##### DATA LISTING

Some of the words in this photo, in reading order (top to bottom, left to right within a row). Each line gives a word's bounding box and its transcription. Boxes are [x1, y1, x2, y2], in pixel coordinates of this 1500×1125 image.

##########
##### DATA LISTING

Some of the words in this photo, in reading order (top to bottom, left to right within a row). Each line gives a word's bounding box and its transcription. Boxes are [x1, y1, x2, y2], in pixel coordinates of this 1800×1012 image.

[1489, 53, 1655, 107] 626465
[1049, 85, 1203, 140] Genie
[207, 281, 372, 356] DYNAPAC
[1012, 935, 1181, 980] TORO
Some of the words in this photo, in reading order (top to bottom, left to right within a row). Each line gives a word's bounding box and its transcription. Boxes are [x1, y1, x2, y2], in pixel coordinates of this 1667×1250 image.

##########
##### DATA LISTING

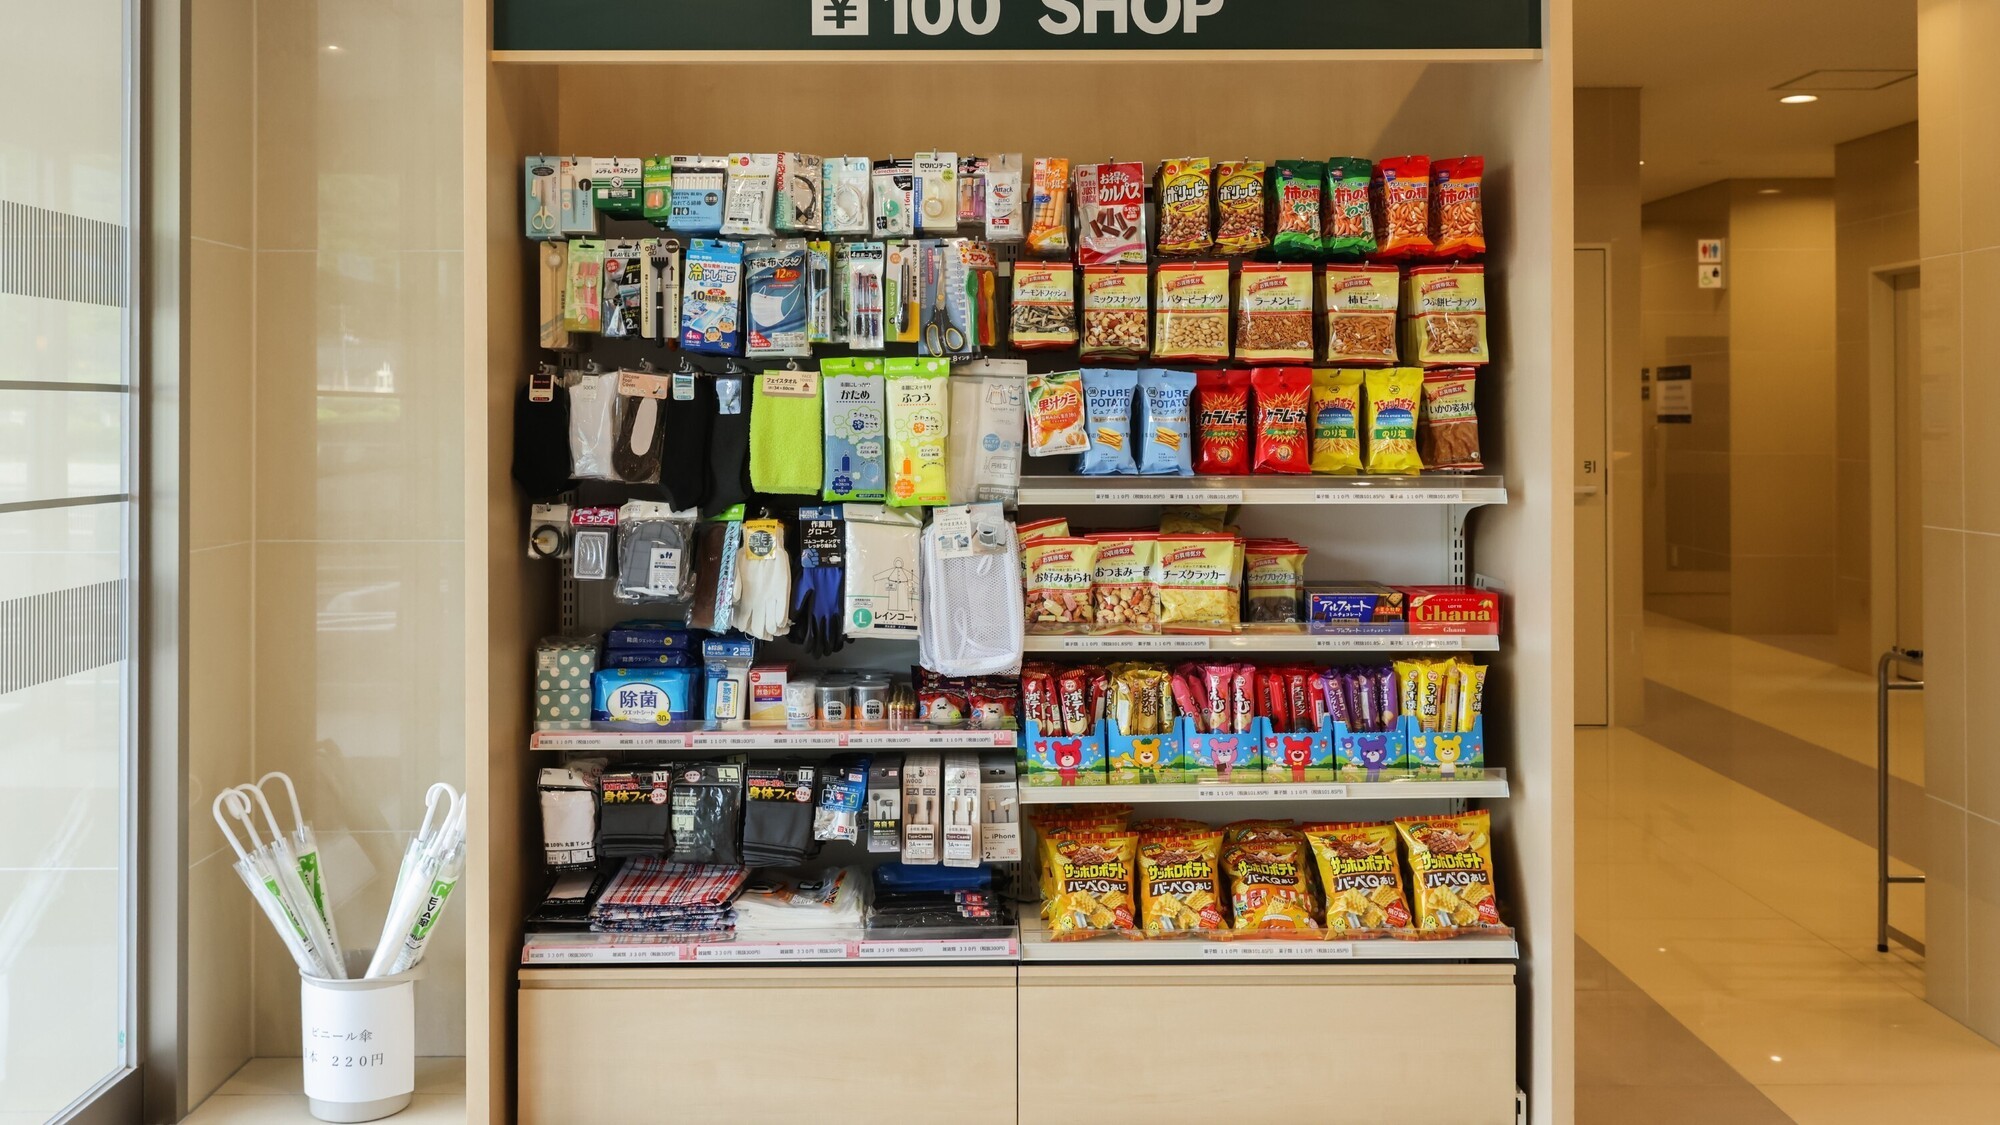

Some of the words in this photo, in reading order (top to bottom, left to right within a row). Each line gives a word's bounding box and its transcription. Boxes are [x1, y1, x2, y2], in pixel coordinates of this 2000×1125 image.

##########

**WHAT YOU SHOULD DO**
Begin with the line above that has "this 1800×1012 image." and continue through the line that has "this 1667×1250 image.", setting each one down exactly. Stop there.

**REPLY**
Some of the words in this photo, in reading order (top to bottom, left to right within a row). Each line gives a word's bounding box and its transcription. Boxes are [x1, y1, x2, y2], in pixel coordinates of this 1800×1012 image.

[1489, 53, 1655, 107] 626465
[1049, 85, 1203, 140] Genie
[207, 281, 372, 356] DYNAPAC
[1012, 935, 1181, 980] TORO
Some of the words in this photo, in reading order (top to bottom, left to right within a row). Each line gives a word's bounding box and its transcription. Boxes are [x1, y1, x2, y2], in pixel coordinates of this 1667×1250 image.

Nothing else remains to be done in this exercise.